═══ Provided records
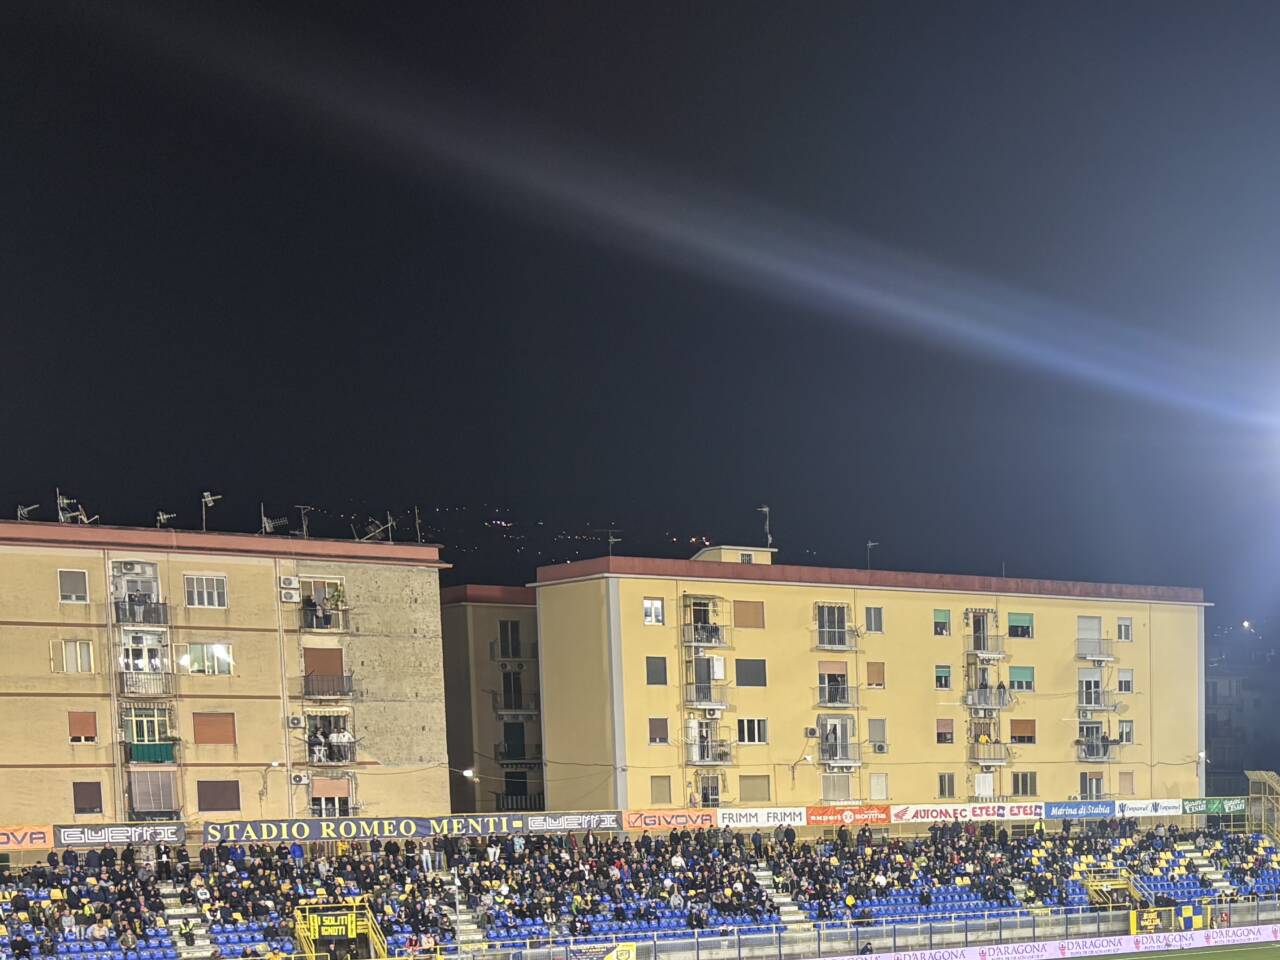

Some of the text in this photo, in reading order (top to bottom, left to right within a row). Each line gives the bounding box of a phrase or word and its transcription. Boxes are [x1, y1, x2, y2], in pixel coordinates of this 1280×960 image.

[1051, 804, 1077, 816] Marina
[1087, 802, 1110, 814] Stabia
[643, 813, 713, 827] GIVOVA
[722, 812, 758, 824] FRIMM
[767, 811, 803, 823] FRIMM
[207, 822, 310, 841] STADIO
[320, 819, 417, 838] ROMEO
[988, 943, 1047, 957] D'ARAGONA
══════
All entries must be written out again exactly as given, with no pictures in the copy.

Some of the text in this photo, in reading order (top to bottom, left to right within a row). Each line gives the bounding box of a phrase or word and its transcription. Boxes are [x1, y1, x2, y2], in pixel coordinates of this 1280×960 image.

[1051, 804, 1077, 816] Marina
[1087, 802, 1110, 814] Stabia
[643, 813, 713, 827] GIVOVA
[722, 812, 758, 824] FRIMM
[767, 811, 803, 823] FRIMM
[207, 822, 310, 841] STADIO
[320, 819, 417, 838] ROMEO
[988, 943, 1047, 957] D'ARAGONA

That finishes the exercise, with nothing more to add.